What sincerity Striver. Respect Man
Peak Content !
Time Complexity O(N/2)
We can also include another case if its only 2 element Linked List then also we do nothing
Time complexity : O(N) -> because we're traversing the whole LL
Space Complexity : O(1) -> we're not using any auxillary space for solving the problem.
time complexity O 2(n/2)
space O(1)
thank you
I think it will be O(n) because we are traversing all the elements for even and odd.
inside the while loop instead of even=even.next.next; it will be even=even.next; bcz we r setting/updating next even node so that next time loop run then we can connect this node next to the upcoming even node, that is (even.next=even.next.next;)
thnk you ~~Mhd
Also, without edge case we get runtime error: if(head == null || head.next == null) return head;
solved without watching, kudos to previous videos base creation !!
Understood, thank you.
How can we do this using two while loops, one for even and one for odd?? I'm getting Runtime error!!
Node* segregateEvenOdd(Node* head)
{
// Write your code here
if(head == nullptr || head->next == nullptr) return head;
stackst;
Node* temp = head;
Node* prev = nullptr;
Node* firstOddNode = nullptr;
if((temp->data & 1) == 0) st.push(temp);
while(temp != nullptr) {
if((temp->data & 1) == 0 && prev != nullptr) {
st.push(temp);
while(temp->next != nullptr && (temp->next->data & 1) == 0) {
st.push(temp->next);
temp = temp->next;
}
prev->next = temp->next;
}
if((temp->data&1) && firstOddNode == nullptr) firstOddNode = temp;
prev = temp;
temp = temp->next;
}
Node* lastEvenNode = nullptr;
Node* newHead = nullptr;
while(!st.empty()) {
if (newHead == nullptr) {
newHead = st.top();
lastEvenNode = st.top();
} else {
st.top()->next = newHead;
newHead = st.top();
}
st.pop();
}
lastEvenNode->next = firstOddNode;
return newHead;
}
Time Complexity=O(N/2)
Space Complexity=O(1)
Thankyou for your Lecture
did it by myself
Java:
class Solution {
public ListNode oddEvenList(ListNode head) {
if(head==null)return head;
ListNode odd=head;
ListNode even=head.next,temp=even;
while(temp!=null){
if(odd.next.next==null)break;
odd.next=odd.next.next;
odd=odd.next;
temp.next=temp.next.next;
temp=temp.next;
}
odd.next=even;
return head;
}
}
was able to solve by optimal meself!
small coreetcion while even node is pointing to
even = even->next;
Thanks A lot Bhaiya
Understood , Thank youu
why not connect odd list with even list using "odd->next=head->next" instead of "odd->next=evenHead" ? I mean what would logically go wrong ?
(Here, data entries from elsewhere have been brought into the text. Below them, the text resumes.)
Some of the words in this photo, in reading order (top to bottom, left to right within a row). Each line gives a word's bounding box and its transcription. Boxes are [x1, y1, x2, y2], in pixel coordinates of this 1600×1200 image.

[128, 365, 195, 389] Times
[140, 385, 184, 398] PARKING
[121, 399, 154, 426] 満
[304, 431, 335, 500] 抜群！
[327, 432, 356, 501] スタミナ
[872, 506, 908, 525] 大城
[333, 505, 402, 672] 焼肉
the link would already been updated. so odd->next would give you the third node instead of 2nd node
@@vipinms4864 yeah understood that already but thanks
Time Complexity - O(n/2)
somene explain me my doubt ? odd->next = odd->next->next;
even->next = even->next->next;
odd = odd->next;
even = even->next;
here in this first 2 lines of code , odd pointer moves to odd places and even pointer moves to even places so that even connects to even and odd connects to odd , but in the next two lines odd pointer moves to one step ahead and also even pointer moves to one step ahead i.e odd moves to even and even moves to odd ...?
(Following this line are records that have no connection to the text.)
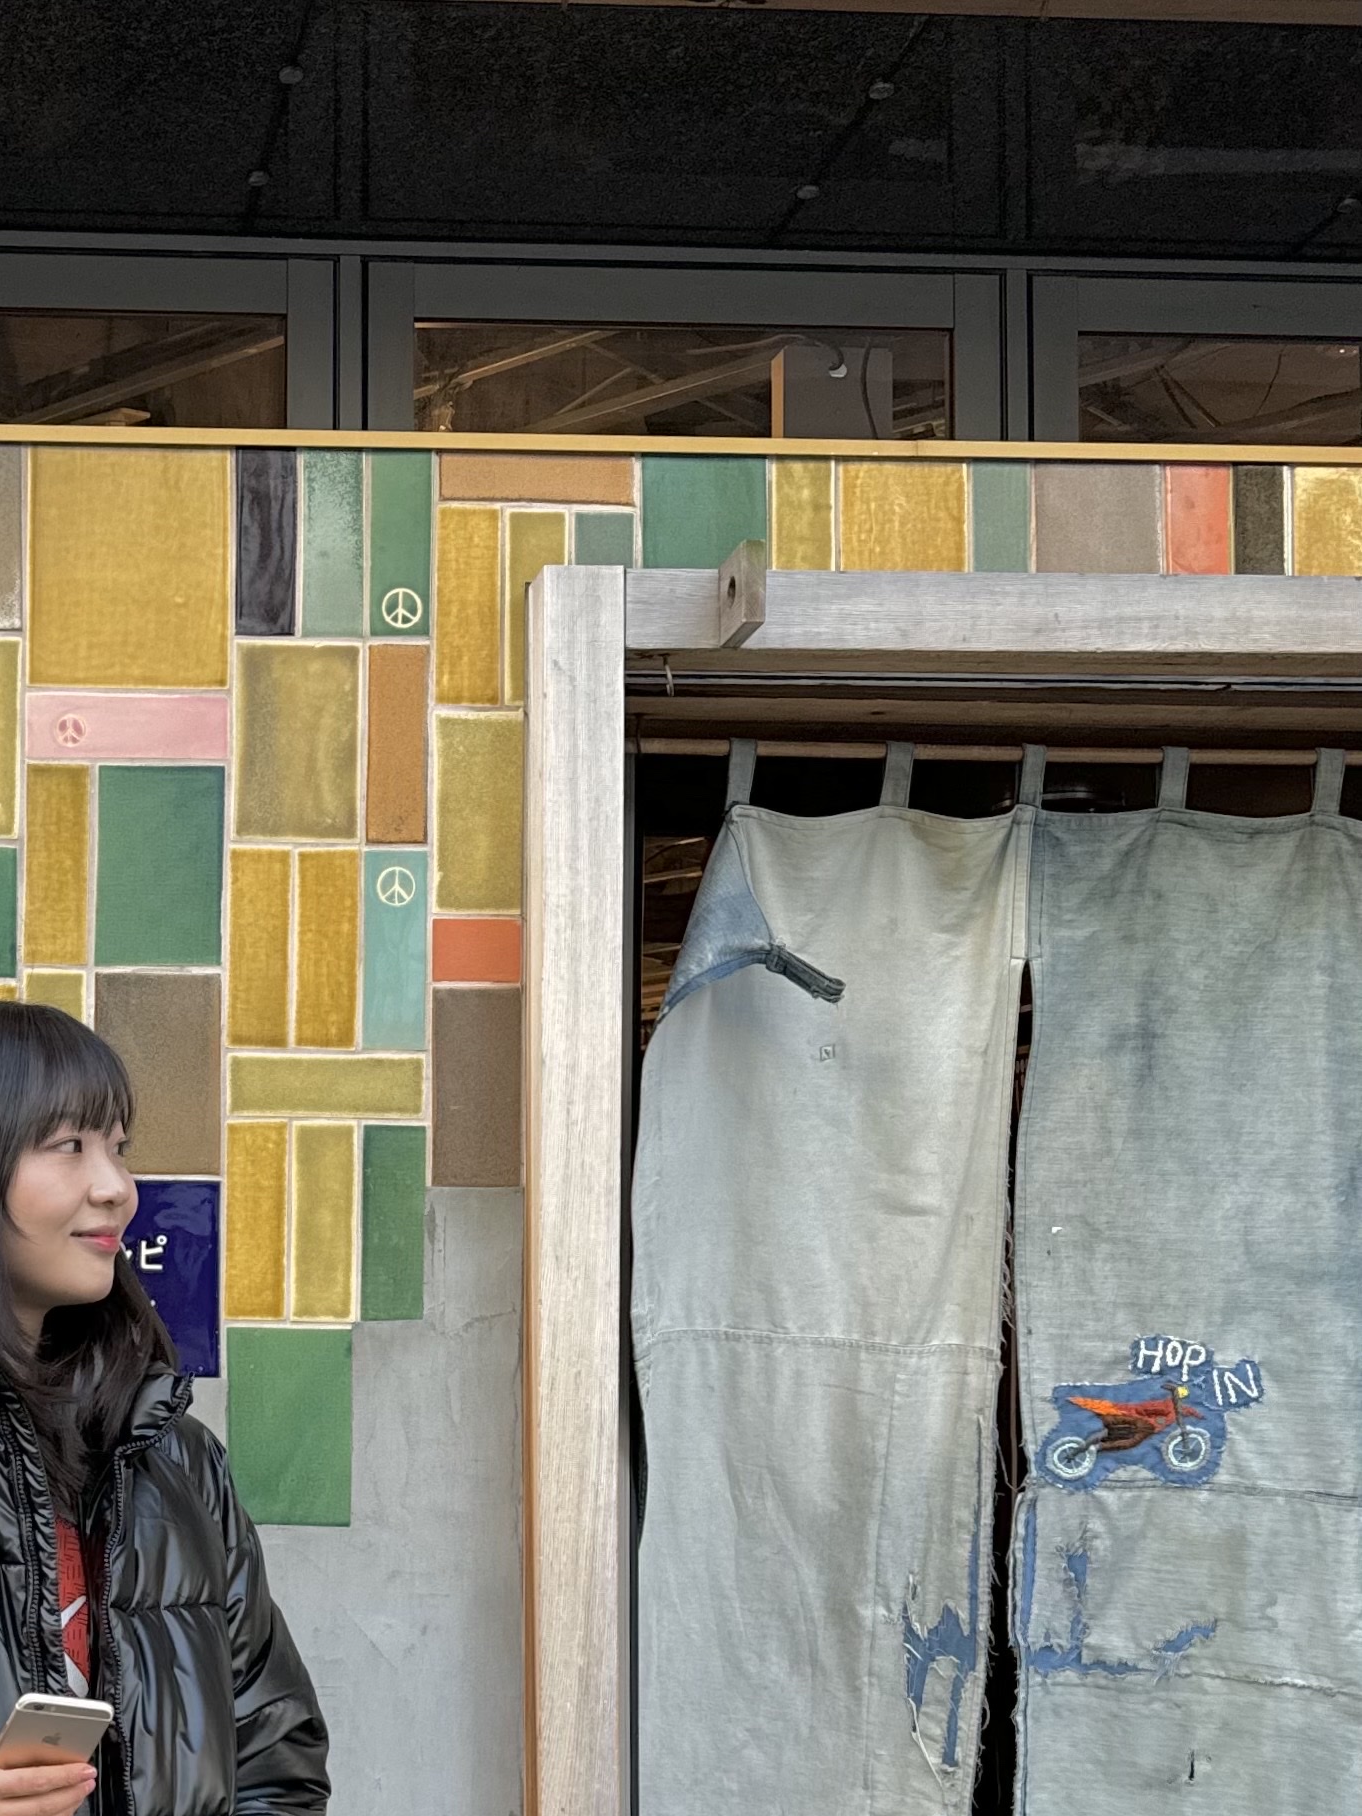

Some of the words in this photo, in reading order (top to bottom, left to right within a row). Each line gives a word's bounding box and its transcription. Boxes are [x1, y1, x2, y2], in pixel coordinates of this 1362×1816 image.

[121, 1234, 168, 1270] ピ
[1136, 1338, 1207, 1383] HOP
[1211, 1362, 1260, 1406] IN
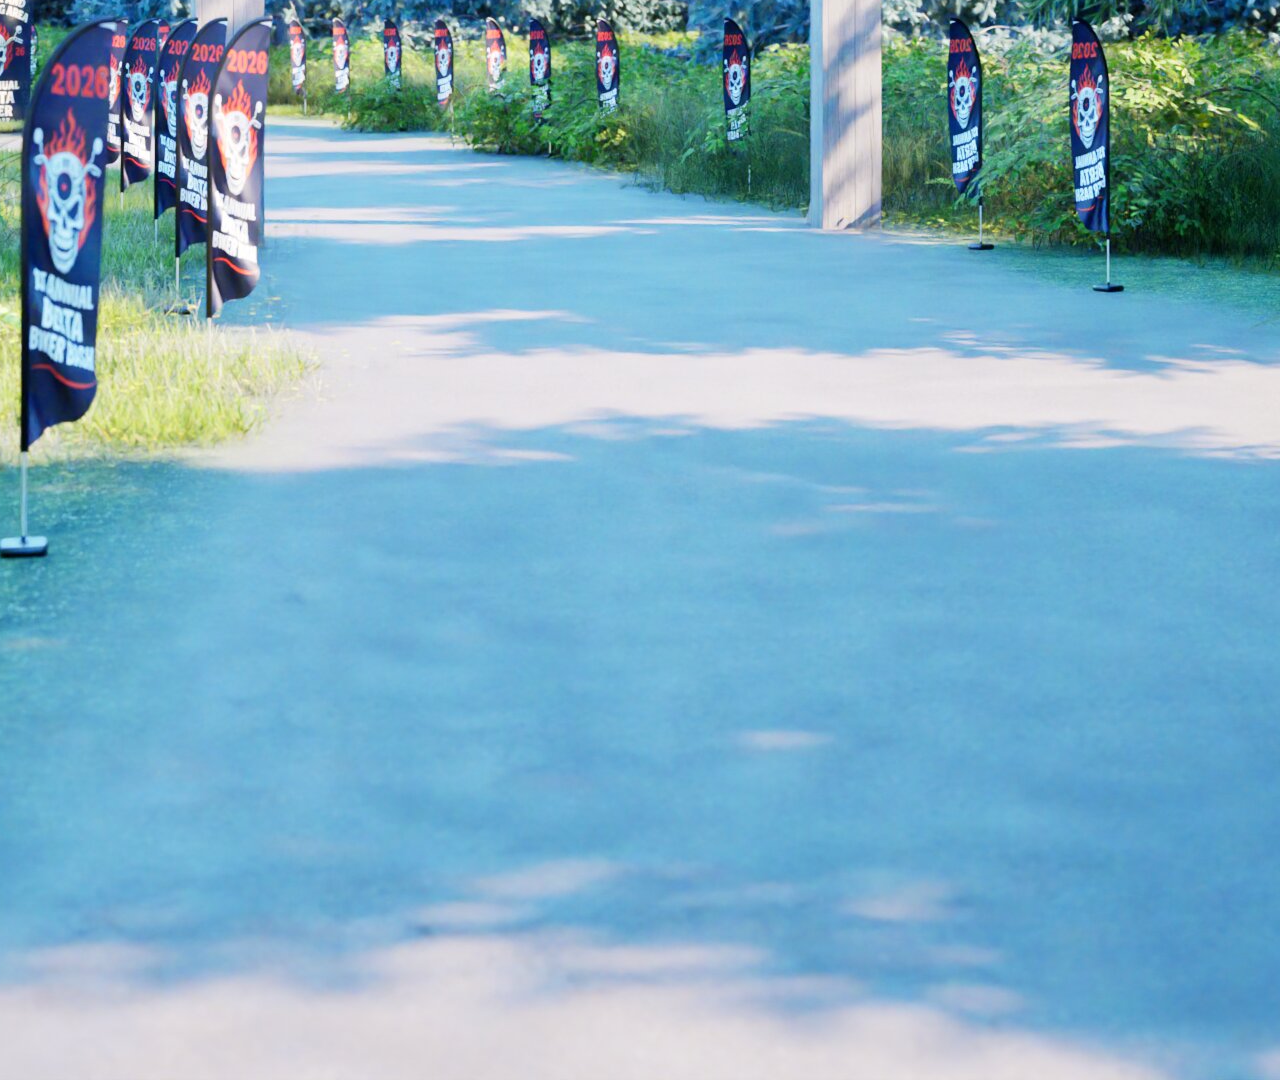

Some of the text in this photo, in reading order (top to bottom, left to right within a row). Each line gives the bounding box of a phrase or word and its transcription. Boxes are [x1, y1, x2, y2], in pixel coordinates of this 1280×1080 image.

[6, 5, 29, 23] AREA
[168, 39, 189, 55] 202
[227, 48, 268, 74] 2026
[51, 63, 109, 99] 2026
Yeah it is wrong in the video. It has to be:
odd->next = odd->next->next
even->next = odd->next->next
odd = odd->next
even = even->next
Thanx bro
Understood 🎉
understood 👍
Understood, but one small doubt ,why didn't we consider the operations in the while loop as unit operations?
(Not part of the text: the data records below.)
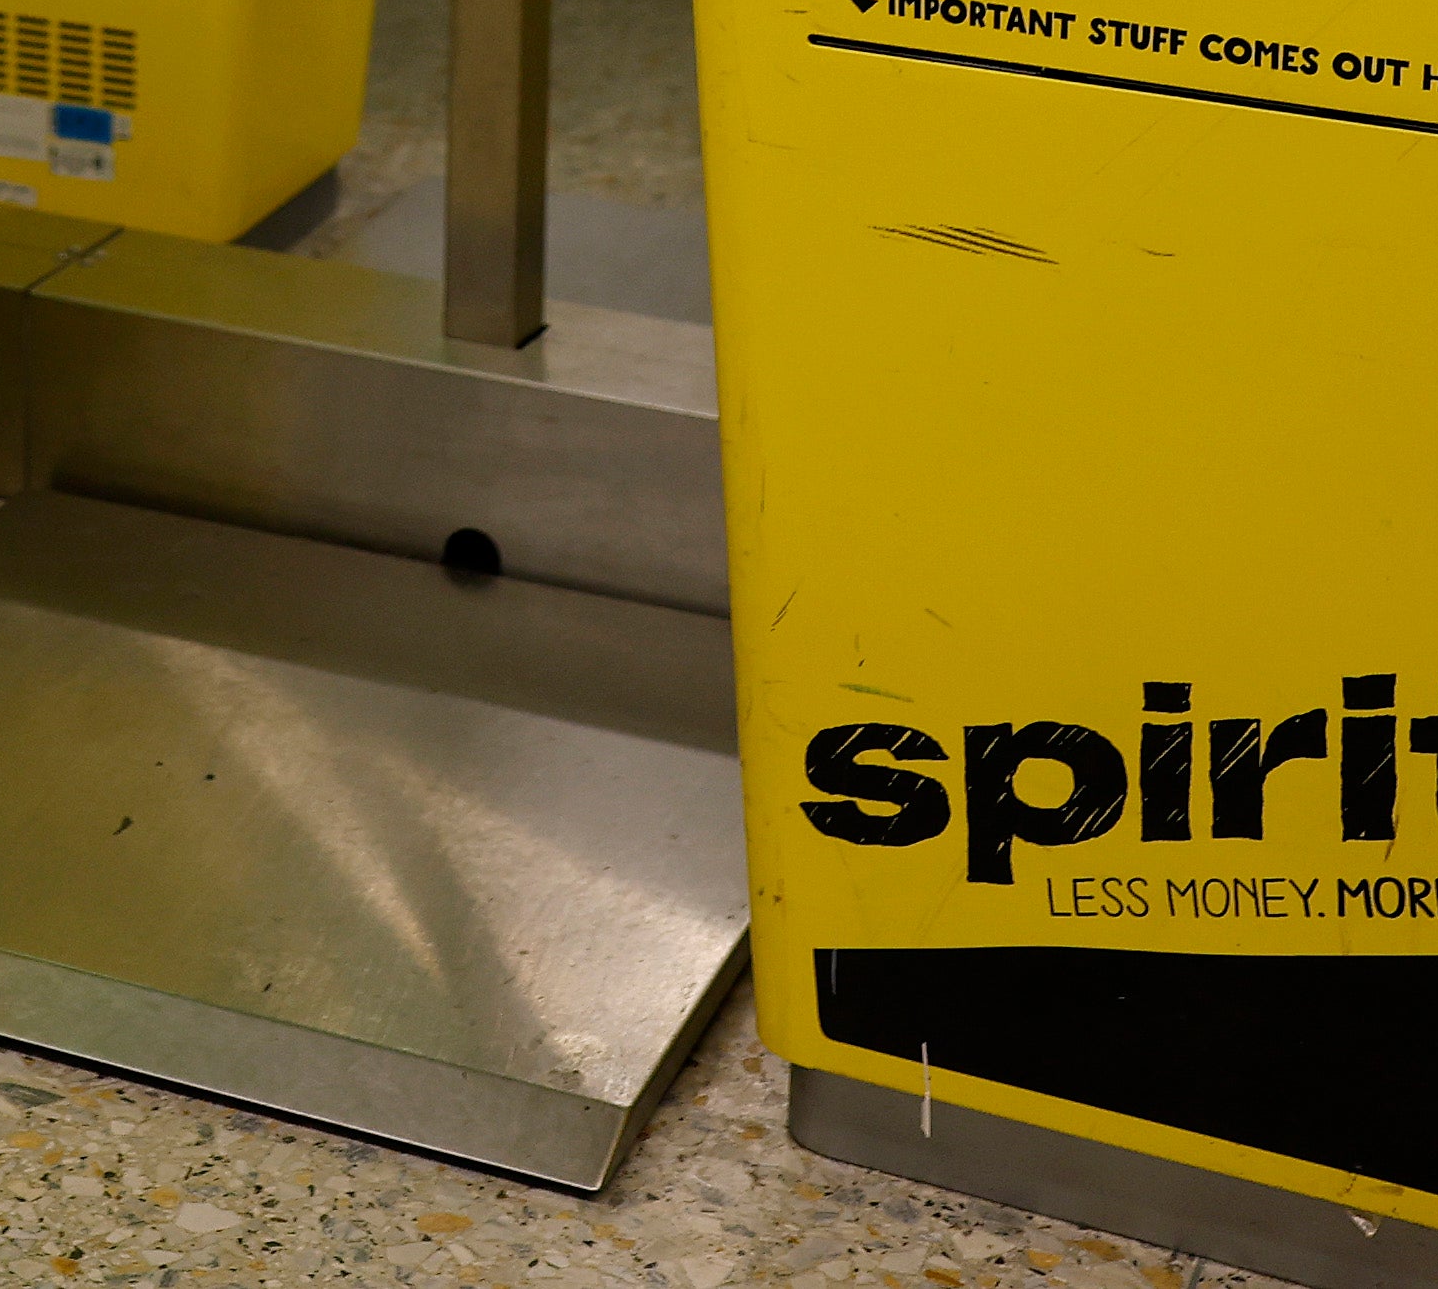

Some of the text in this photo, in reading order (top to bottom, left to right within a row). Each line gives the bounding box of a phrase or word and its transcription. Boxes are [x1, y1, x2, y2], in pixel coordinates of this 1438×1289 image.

[1088, 16, 1187, 57] STUFF
[1199, 32, 1320, 77] COMES
[1332, 50, 1410, 88] OUT
[1047, 876, 1150, 919] LESS
[1167, 876, 1327, 920] MONEY.
unit =1 and they are two operations
also you can see that you are traversing through every single element.
Understood Sir
thank you man
Striver, is it even possible to run 2 separate loops? Because after running the first loop, the oddHead's next.next is not pointing to the next odd, but its pointing to the next even node (already altered in the first loop).
no not possible
understood❤
Understood sir! :D
understood😄
UNDERSTOOD;
thank u sir
what if its an odd length linked list?
Nice one! :)
he knows where everyone make mistakes like o(n/2)
in pseudo code of optimal approach , it should be even=even.next instead of even=even.next.next in while loop.